* TASK DETAILS: Pictures aside, repeat every entry exactly.

* Stored data entries:

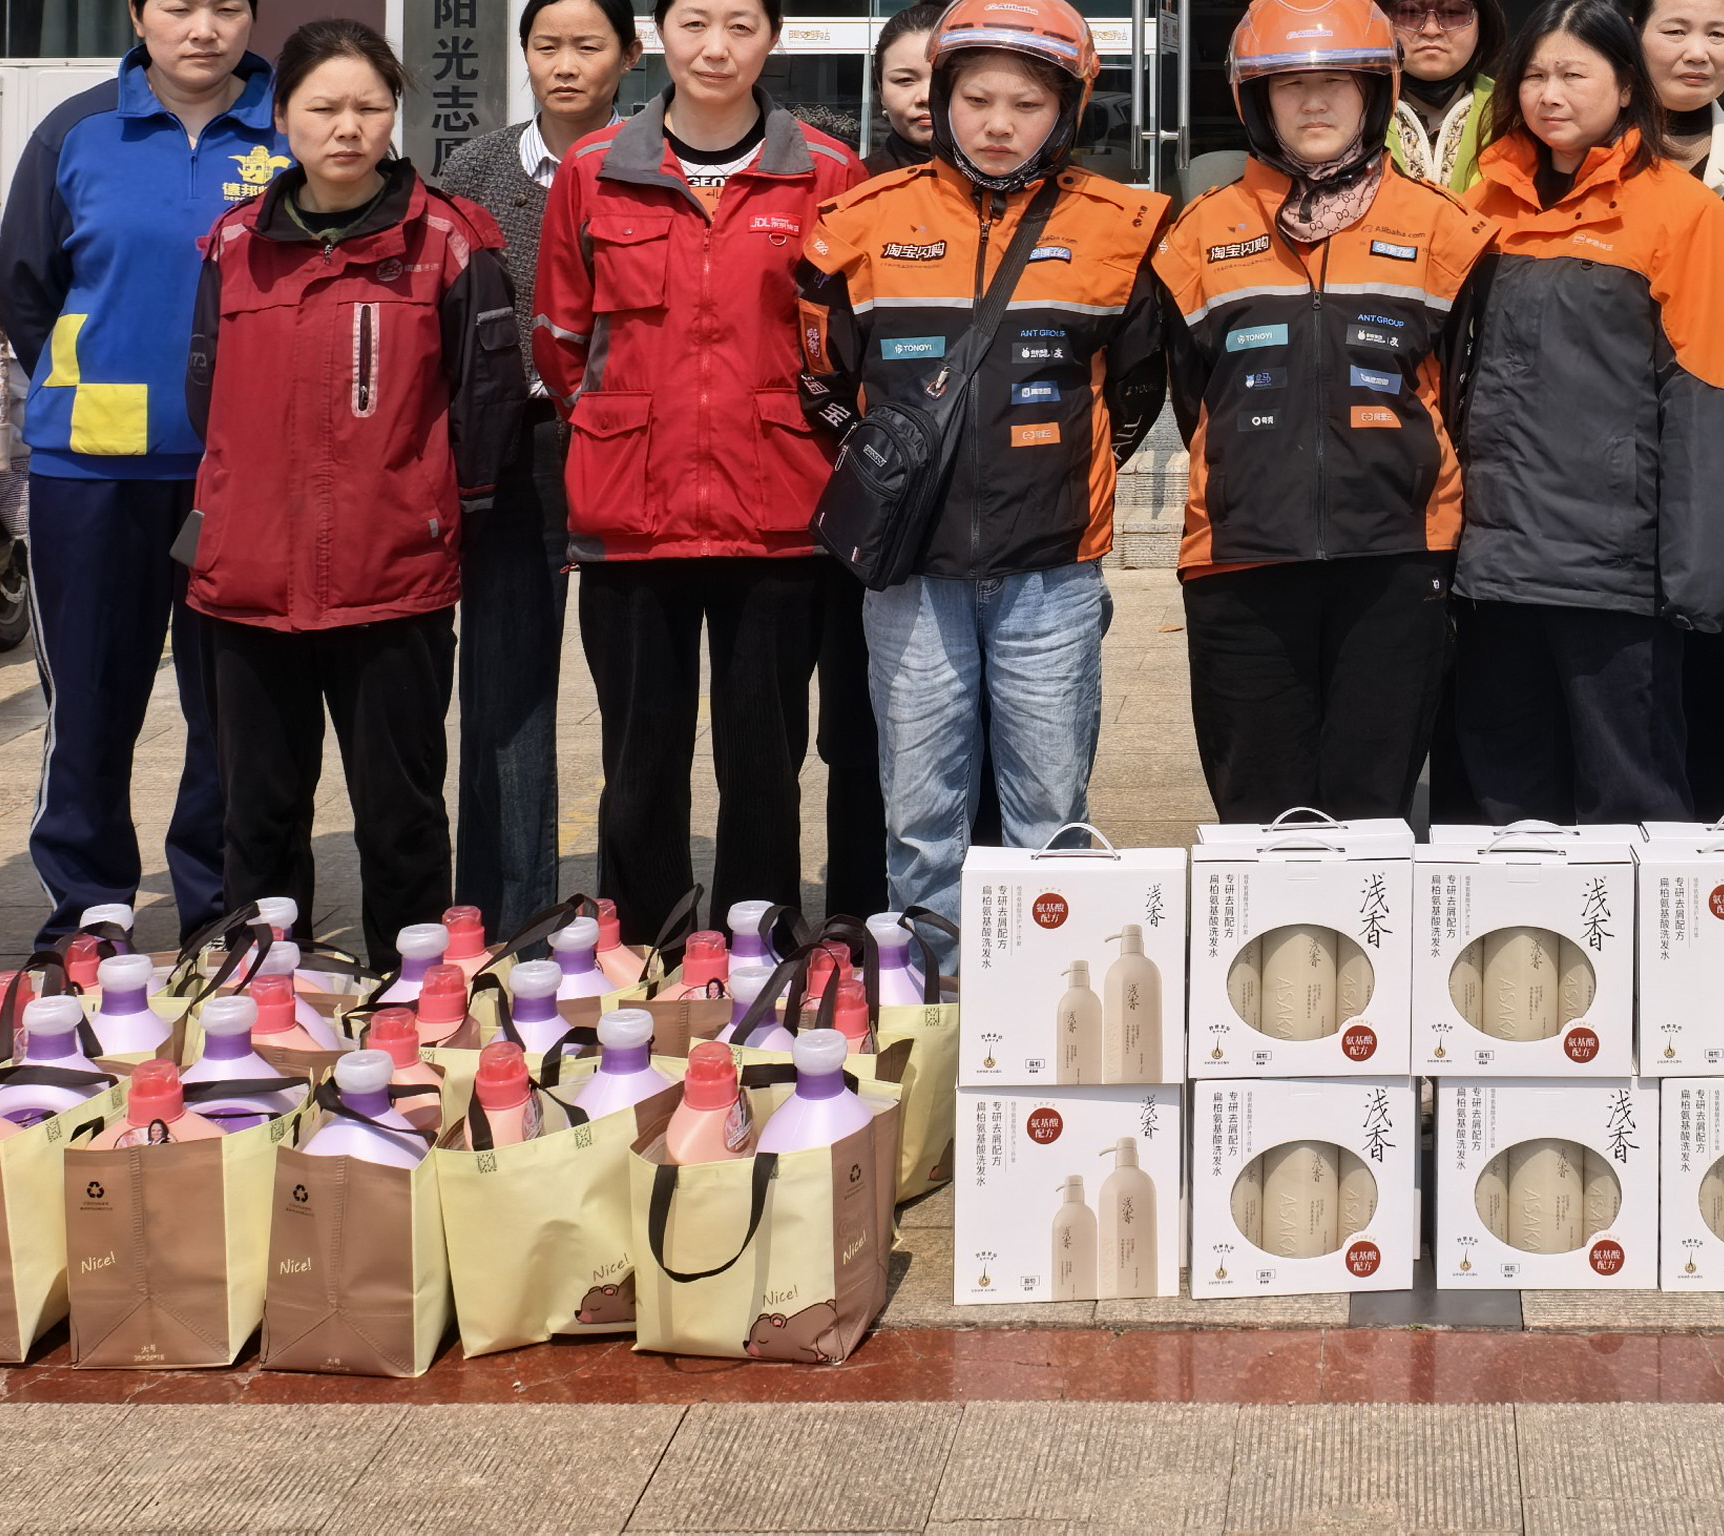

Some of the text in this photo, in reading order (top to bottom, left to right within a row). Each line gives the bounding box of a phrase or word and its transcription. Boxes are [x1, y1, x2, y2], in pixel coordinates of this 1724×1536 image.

[751, 217, 770, 227] JDL
[885, 242, 945, 259] 淘宝闪购
[1210, 235, 1269, 261] 淘宝闪购
[1358, 314, 1404, 327] ANT GROUP
[1246, 333, 1273, 341] TONGYI
[998, 885, 1008, 949] 专研去屑配方
[1036, 902, 1065, 912] 氨基酸
[1041, 913, 1059, 923] 配方
[1146, 883, 1164, 927] 浅香
[1209, 875, 1220, 958] 扁柏氨基酸洗发水
[1225, 875, 1235, 938] 专研去屑配方
[1358, 874, 1393, 948] 浅香
[1431, 875, 1441, 958] 扁柏氨基酸洗发水
[1446, 875, 1456, 938] 专研去屑配方
[1581, 877, 1614, 951] 浅香
[1660, 878, 1670, 960] 扁柏氨基酸洗发水
[1675, 878, 1685, 941] 专研去屑配方
[981, 885, 992, 969] 扁柏氨基酸洗发水
[1346, 1036, 1373, 1045] 氨基酸
[1348, 1046, 1368, 1057] 配方
[1567, 1038, 1595, 1047] 氨基酸
[1572, 1047, 1590, 1058] 配方
[1031, 1118, 1059, 1128] 氨基酸
[1140, 1095, 1159, 1139] 浅香
[1228, 1092, 1238, 1156] 专研去屑配方
[1362, 1089, 1396, 1163] 浅香
[1606, 1089, 1640, 1164] 浅香
[1035, 1128, 1054, 1139] 配方
[1213, 1092, 1222, 1176] 扁柏氨基酸洗发水
[81, 1252, 116, 1274] Nice!
[842, 1234, 867, 1265] Nice!
[280, 1258, 312, 1276] Nice!
[592, 1252, 630, 1280] Nice!
[763, 1289, 800, 1308] Nice!
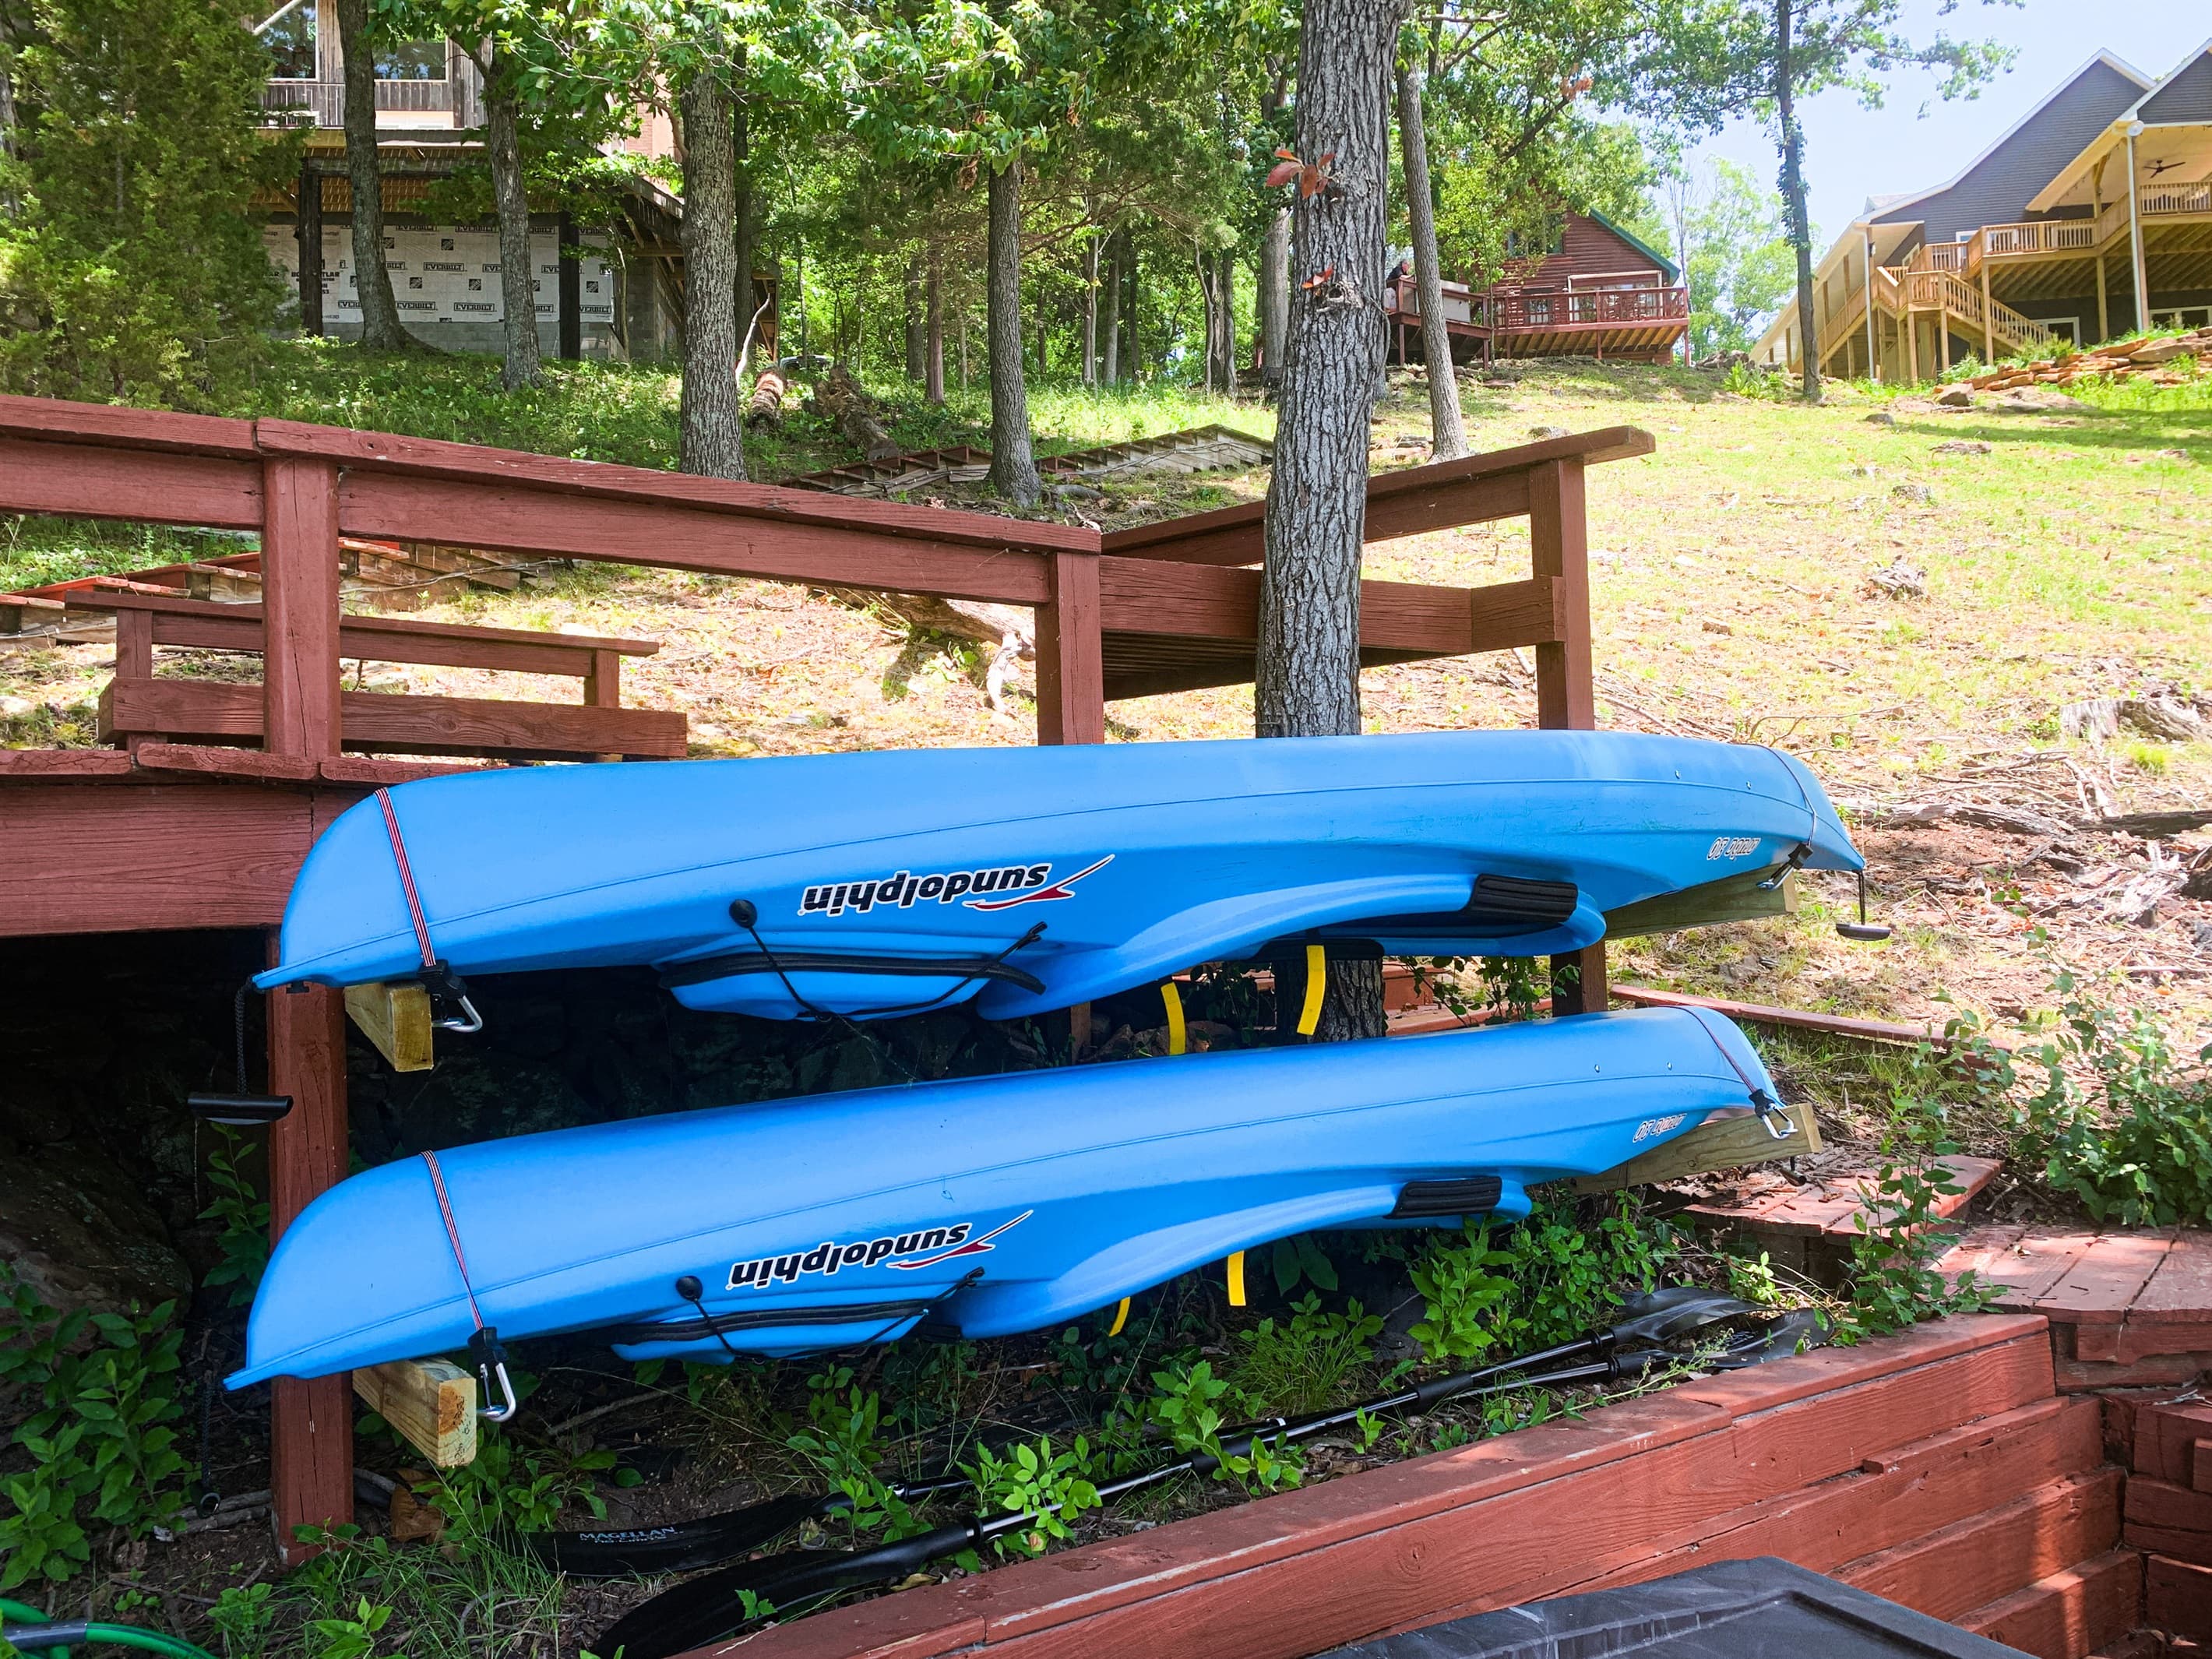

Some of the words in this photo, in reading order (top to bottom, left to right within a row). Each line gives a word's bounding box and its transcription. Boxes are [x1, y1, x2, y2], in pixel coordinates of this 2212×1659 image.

[802, 862, 1051, 916] sundolphin
[729, 1222, 973, 1290] sundolphin
[579, 1527, 676, 1540] MAGELLAN

* EXERCISE RESULT:
Some of the text in this photo, in reading order (top to bottom, left to right within a row). Each line gives the bounding box of a phrase or word and its transcription. Boxes are [x1, y1, x2, y2], in pixel coordinates of this 1724×1536 image.

[751, 217, 770, 227] JDL
[885, 242, 945, 259] 淘宝闪购
[1210, 235, 1269, 261] 淘宝闪购
[1358, 314, 1404, 327] ANT GROUP
[1246, 333, 1273, 341] TONGYI
[998, 885, 1008, 949] 专研去屑配方
[1036, 902, 1065, 912] 氨基酸
[1041, 913, 1059, 923] 配方
[1146, 883, 1164, 927] 浅香
[1209, 875, 1220, 958] 扁柏氨基酸洗发水
[1225, 875, 1235, 938] 专研去屑配方
[1358, 874, 1393, 948] 浅香
[1431, 875, 1441, 958] 扁柏氨基酸洗发水
[1446, 875, 1456, 938] 专研去屑配方
[1581, 877, 1614, 951] 浅香
[1660, 878, 1670, 960] 扁柏氨基酸洗发水
[1675, 878, 1685, 941] 专研去屑配方
[981, 885, 992, 969] 扁柏氨基酸洗发水
[1346, 1036, 1373, 1045] 氨基酸
[1348, 1046, 1368, 1057] 配方
[1567, 1038, 1595, 1047] 氨基酸
[1572, 1047, 1590, 1058] 配方
[1031, 1118, 1059, 1128] 氨基酸
[1140, 1095, 1159, 1139] 浅香
[1228, 1092, 1238, 1156] 专研去屑配方
[1362, 1089, 1396, 1163] 浅香
[1606, 1089, 1640, 1164] 浅香
[1035, 1128, 1054, 1139] 配方
[1213, 1092, 1222, 1176] 扁柏氨基酸洗发水
[81, 1252, 116, 1274] Nice!
[842, 1234, 867, 1265] Nice!
[280, 1258, 312, 1276] Nice!
[592, 1252, 630, 1280] Nice!
[763, 1289, 800, 1308] Nice!

Some of the words in this photo, in reading order (top to bottom, left to right within a row). Each line gives a word's bounding box and its transcription. Boxes are [x1, y1, x2, y2], in pixel coordinates of this 2212×1659 image.

[802, 862, 1051, 916] sundolphin
[729, 1222, 973, 1290] sundolphin
[579, 1527, 676, 1540] MAGELLAN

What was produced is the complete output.